1954; 1955; 1956; 1957; 1958; 1959; 1960; 1961; 1962; 1963; 1964; 1965; 1966; 1967; 1968; 1969; 1970; 1971; 1972; 1973; 1974; 1975; 1976; 1977; SR; W–L; Win %
Grand Slam tournaments: 1 / 25; 51–23; 68.9
Australian Open: 1R; 3R; QF; SF; F; A; A; A; 1R; A; A; A; A; A; A; 3R; 1R; 2R; F; 2R; A; A; 3R; A; 1R; 0 / 13; 19–12; 61.3
French Open: A; A; A; 2R; A; A; A; A; A; A; A; A; A; A; A; A; A; A; A; A; A; A; A; A; 0 / 1; 1–1; 50.0
Wimbledon: A; 1R; QF; 4R; QF; A; A; A; A; A; A; A; A; A; A; 3R; A; A; A; A; A; A; A; A; 0 / 5; 13–5; 72.2
US Open: A; 3R; 1R; W; F; A; A; A; A; A; A; A; A; A; 3R; A; A; A; 2R; A; A; A; A; A; 1 / 6; 18–5; 78.3
Pro Slam tournaments: 1 / 17; 14–17; 45.2
U.S. Pro: A; A; A; A; A; A; QF; A; A; A; A; A; QF; QF; 1R; 0 / 3; 2–4; 33.3
French Pro: NH; NH; A; NH; A; QF; QF; 1R; SF; QF; A; SF; QF; A; 0 / 7; 7–7; 50.0
Wembley Pro: NH; NH; A; A; A; W; 1R; 1R; 1R; QF; A; QF; QF; A; 1 / 7; 5–6; 45.5
Win–loss: 0–1; 3–3; 6–3; 14–3; 14–3; 5–2; 1–2; 0–2; 2–3; 1–2; 0–0; 3–3; 2–3; 0–1; 1–1; 4–2; 0–0; 1–1; 6–2; 0–1; 0–0; 0–0; 2–1; 0–1; 2 / 42; 65–40; 61.9

Note: The Australian Open was held twice in 1977, in January and December.

Key
| W | F | SF | QF | #R | RR | Q# | DNQ | A | NH |

==Honours==
In the 1972 Birthday Honours, Anderson was appointed a Member of the Order of the British Empire (MBE) "for his contribution to lawn tennis".

Anderson was inducted into the International Tennis Hall of Fame in 2000. On 23 August 2000, he was awarded the Australian Sports Medal for his achievements in tennis.

In 2001, Anderson was inducted into the Australian Tennis Hall of Fame. In 2009 he was inducted into the Queensland Sport Hall of Fame.
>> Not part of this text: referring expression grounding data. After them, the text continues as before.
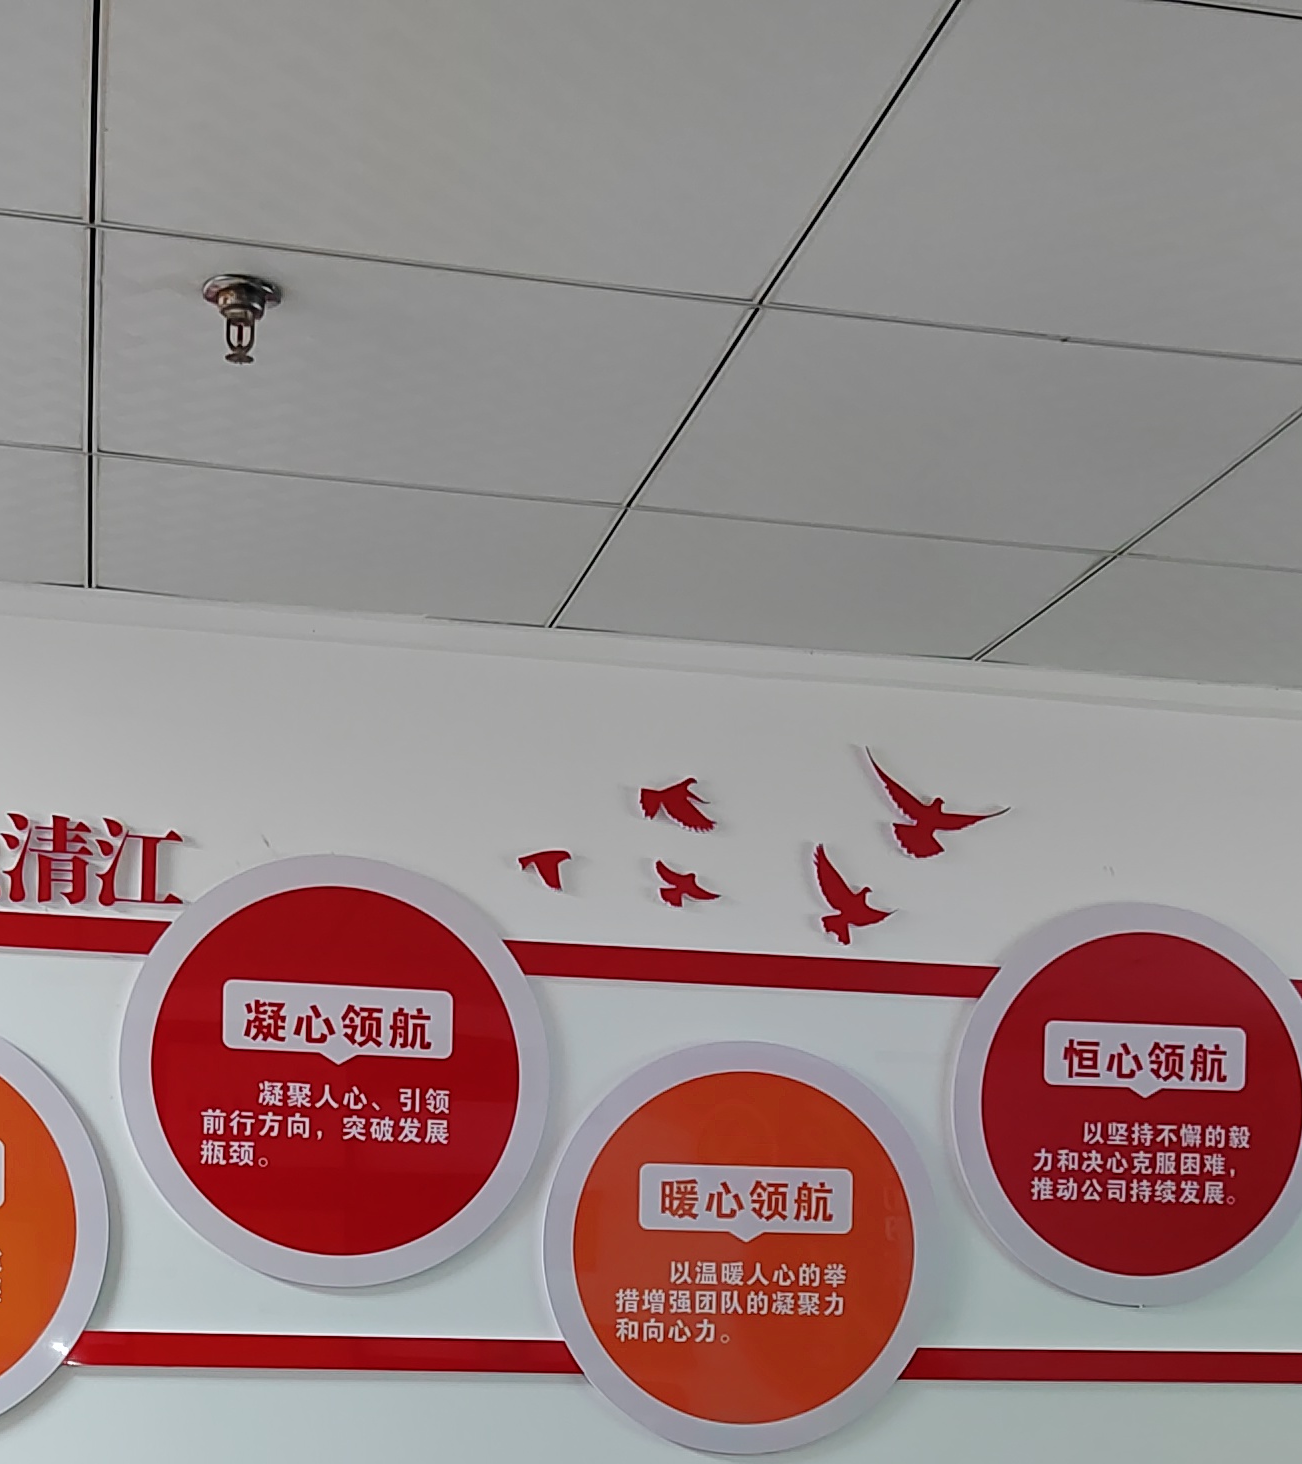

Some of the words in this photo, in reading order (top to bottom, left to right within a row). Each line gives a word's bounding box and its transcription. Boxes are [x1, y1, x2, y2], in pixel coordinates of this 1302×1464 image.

[243, 999, 432, 1050] 凝心领航
[1063, 1039, 1227, 1083] 恒心领航
[258, 1081, 450, 1114] 凝聚人心、引领
[201, 1109, 450, 1144] 前行方向，突破发展
[1083, 1122, 1251, 1149] 以坚持不懈的毅
[200, 1140, 268, 1168] 瓶颈。
[1033, 1148, 1236, 1178] 力和决心克服困难，
[661, 1179, 833, 1222] 暖心领航
[1031, 1177, 1235, 1205] 推动公司持续发展。
[670, 1261, 847, 1287] 以温暖人心的举
[616, 1289, 844, 1316] 措增强团队的凝聚力
[616, 1318, 730, 1344] 和向心力。
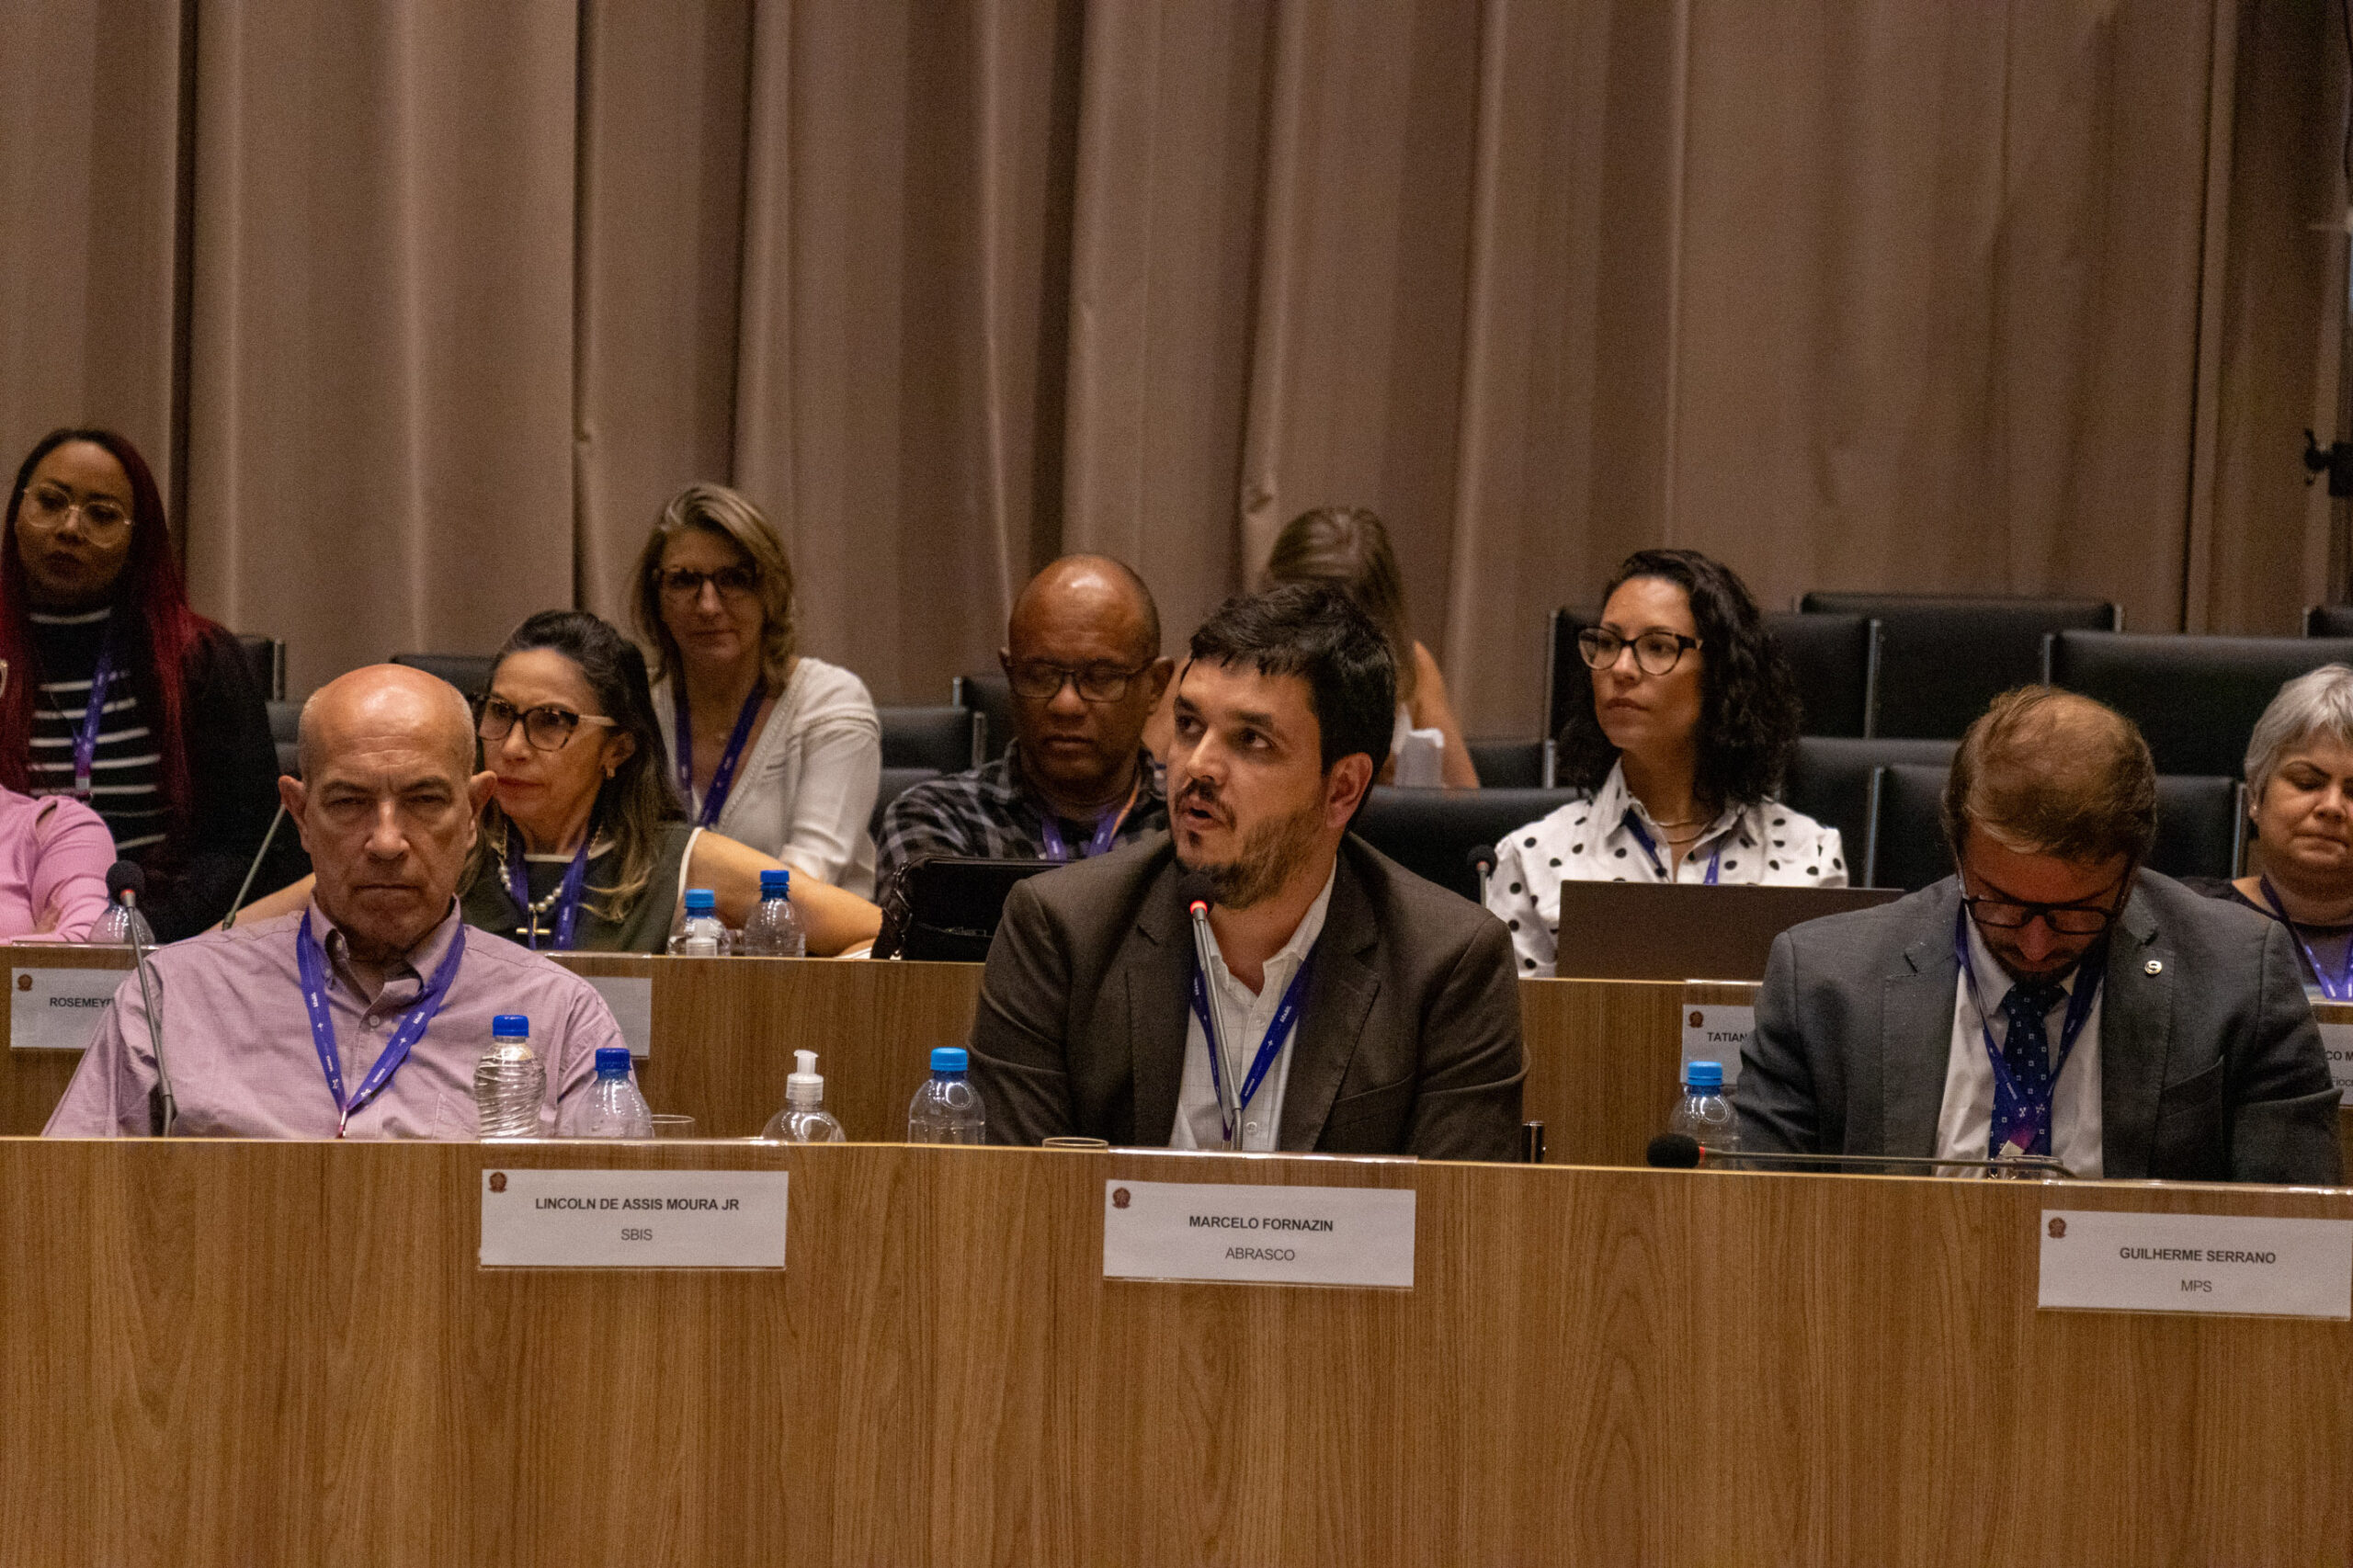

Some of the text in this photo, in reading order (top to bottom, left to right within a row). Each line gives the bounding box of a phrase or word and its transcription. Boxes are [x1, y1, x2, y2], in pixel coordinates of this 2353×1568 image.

[535, 1198, 740, 1210] LINCOLN DE ASSIS MOURA JR
[1188, 1215, 1334, 1232] MARCELO FORNAZIN
[620, 1228, 653, 1241] SBIS
[1224, 1247, 1295, 1261] ABRASCO
[2120, 1247, 2277, 1264] GUILHERME SERRANO
[2180, 1279, 2212, 1293] MPS
On 6 January 2016, he was named an Icon of Queensland Tennis, and inducted into the Brisbane Tennis Trail, in December 2017, at Tennis Avenue Park, Ashgrove, by the placement of a bench in Tennis Avenue Park in his honour.

Anderson donated the champion cup he won as the 1957 men's singles champion at the US Open to the tennis club where he commenced his career, the Theodore Tennis Club, as part of the town's centenary celebrations in 2022.